No terror links, but NSA was watching
Agency ordered to stop some snooping
WASHINGTON — The Obama administration has given up more of its surveillance secrets, acknowledging that it was ordered to stop scooping up thousands of Internet communications from Americans with no connection to terrorism — a practice it says was an unintended consequence when it gathered bundles of Internet traffic connected to terror suspects.
One of the documents that intelligence officials released Wednesday came because a court ordered the National Security Agency to do so.
But it is also part of the administration’s response to the leaks by analyst-turned-fugitive Edward Snowden, who revealed that the NSA’s spying programs went further and gathered millions more U.S. communications than most Americans realized.

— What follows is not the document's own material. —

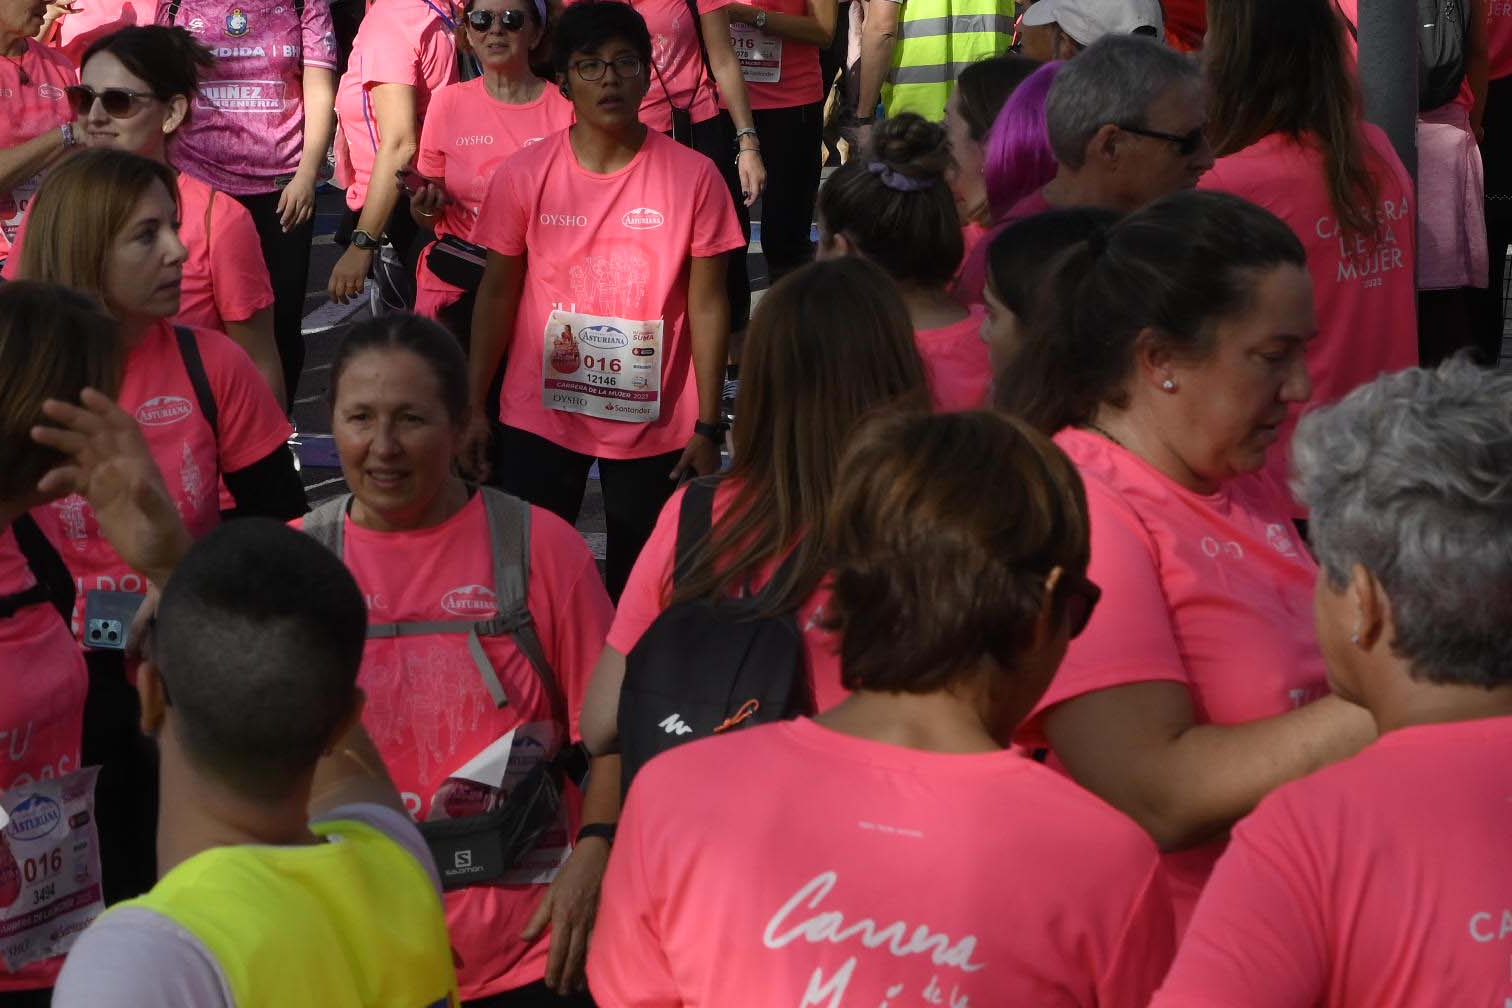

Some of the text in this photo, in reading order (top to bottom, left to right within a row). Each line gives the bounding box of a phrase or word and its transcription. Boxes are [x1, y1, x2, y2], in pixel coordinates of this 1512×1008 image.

The NSA declassified three secret court opinions showing how it revealed to the Foreign Intelligence Surveillance Court that one of its surveillance programs may have collected and stored as many as 56,000 emails and other communications by ordinary Americans annually over three years. The court ruled the NSA actions unconstitutional and ordered the agency to fix the problem, which it did by creating new technology to filter out buckets of data most likely to contain U.S. emails, and then limit the access to that data — and destroy it every two years, instead of every five years, as mandated by the court for other U.S. records gathered by the NSA. The NSA still may retain Americans’ phone records and in some cases copies of their Internet traffic for five years or even longer in some circumstances.
The director of national intelligence, James Clapper, released the information Wednesday “in the interest of increased transparency,” and as directed by President Barack Obama in June, according to a statement accompanying the online documents.
Wednesday’s release of court documents was also in response to a 2012 lawsuit won by the Electronic Freedom Foundation, an Internet civil liberties group.